He served as the United States Ambassador to the European Union from 1993 to 1996 and as co-chairman of the European-American Business Council (EABC). Additionally, he is a member of the Board of Advisors of the Global Panel Foundation.

Eizenstat led the U.S. delegation at the Third Conference of the Parties in Kyoto, Japan, which concluded by adopting the Kyoto Protocol and military exemptions to emissions controls.

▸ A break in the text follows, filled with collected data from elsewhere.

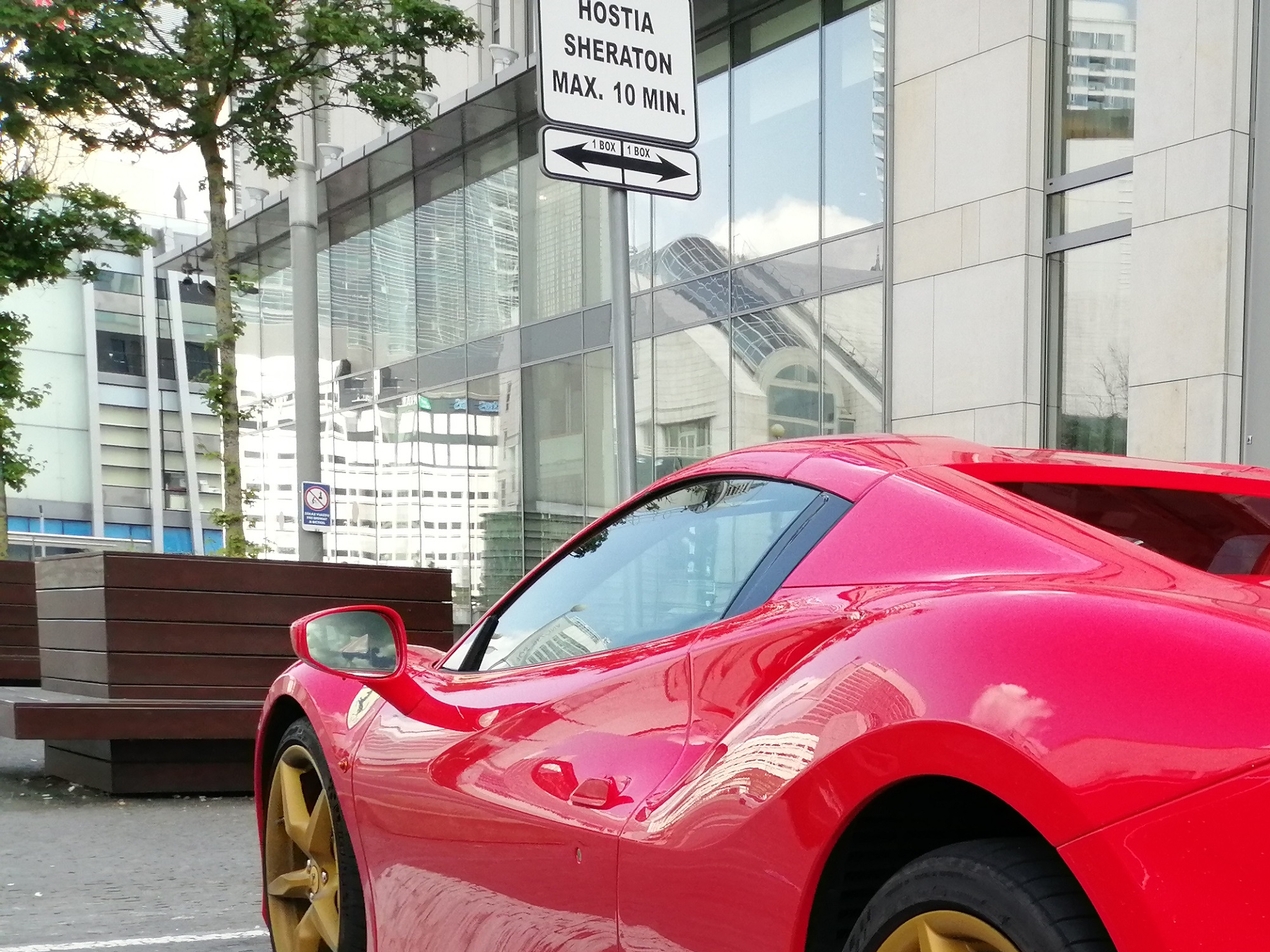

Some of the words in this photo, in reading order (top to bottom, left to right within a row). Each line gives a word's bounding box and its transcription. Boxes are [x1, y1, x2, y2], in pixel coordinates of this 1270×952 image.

[579, 0, 654, 34] HOSTIA
[564, 33, 672, 75] SHERATON
[552, 69, 603, 100] MAX.
[614, 81, 635, 106] 10
[643, 87, 685, 115] MIN.
[600, 141, 616, 152] BOX
[634, 147, 650, 158] BOX

In 2008, the Ambassador Stuart E. Eizenstat Distinguished Professorship in Jewish history and culture was endowed in Eizenstat's honor at the University of North Carolina at Chapel Hill. For his work he has received the Courage and Conscience Award from the Government of Israel, the Knight Commander's Cross (Badge and Star) of the Order of Merit of the Federal Republic of Germany, the French Legion of Honor from the Government of France, and the International Advocate for Peace Award from the Cardozo Journal of Conflict Resolution.

Eizenstat is also a member of the Atlantic Council's Board of Directors.

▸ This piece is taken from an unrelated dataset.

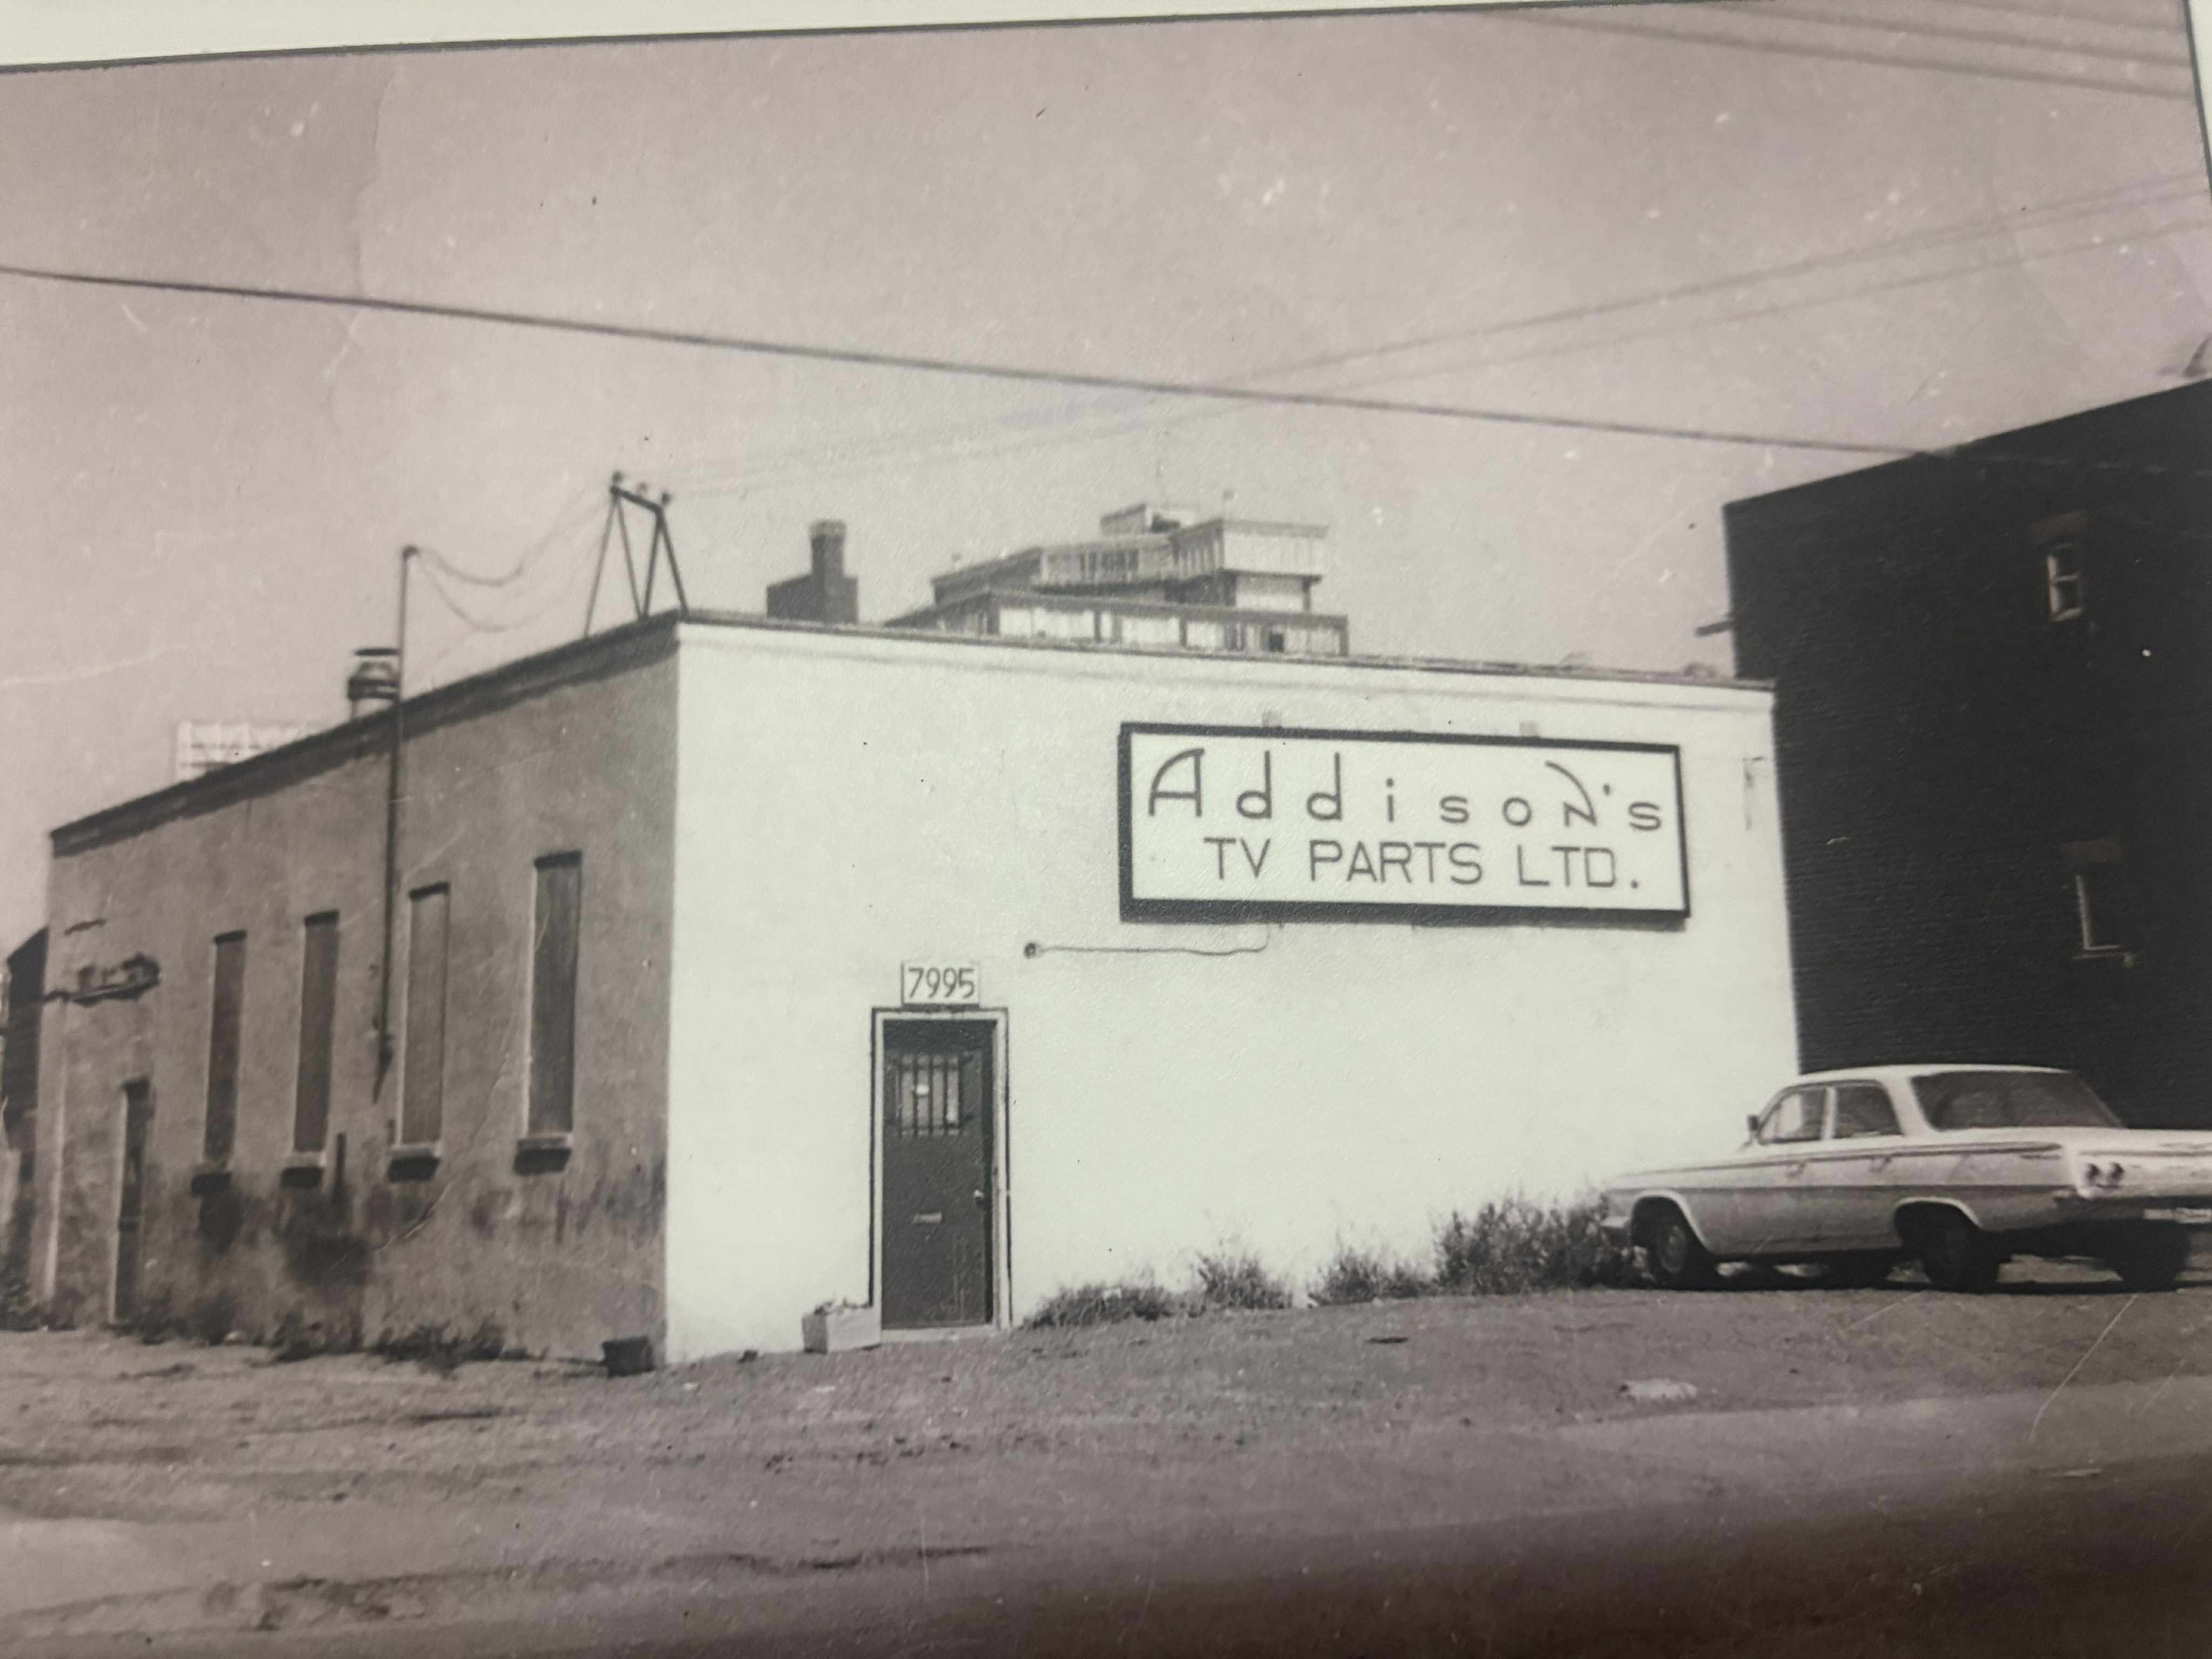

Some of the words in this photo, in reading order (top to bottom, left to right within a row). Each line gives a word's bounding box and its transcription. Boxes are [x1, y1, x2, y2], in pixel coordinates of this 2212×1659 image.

[1204, 838, 1271, 881] TV
[1310, 839, 1483, 885] PARTS
[1516, 844, 1640, 889] LTD.
[908, 967, 975, 998] 7995

On January 9, Eizenstat gave a eulogy for Carter upon the event of his 2025 state funeral. His stated purpose was to dispel the myth that Carter was an unsuccessful president but was successful in the years of his post-presidency.

===Holocaust restitution===
Eizenstat has devoted much effort to various aspects of Holocaust restitution. This has included partial recompense for slave and forced labor, and most recently in 2018 for the trauma suffered by Kindertransport. It has also included restitution of Holocaust-era assets to their original owners or their heirs. Initially, he did this as President Clinton's "Special Representative of the President and Secretary of State on Holocaust-Era Issues." In this position, he took a leadership role for many nations. In this role, he was approached by Turkish ambassador Şükrü Elekdağ who told him that "Turkey could no longer guarantee the safety of the Jews in Turkey" if there was any mention of the Armenian genocide in the United States Holocaust Memorial Museum. Eizenstat has continued this role as a private citizen. In 1998, he organized the Washington Conference on Holocaust Era Assets, resulting in the Washington Principles on Nazi-Confiscated Art.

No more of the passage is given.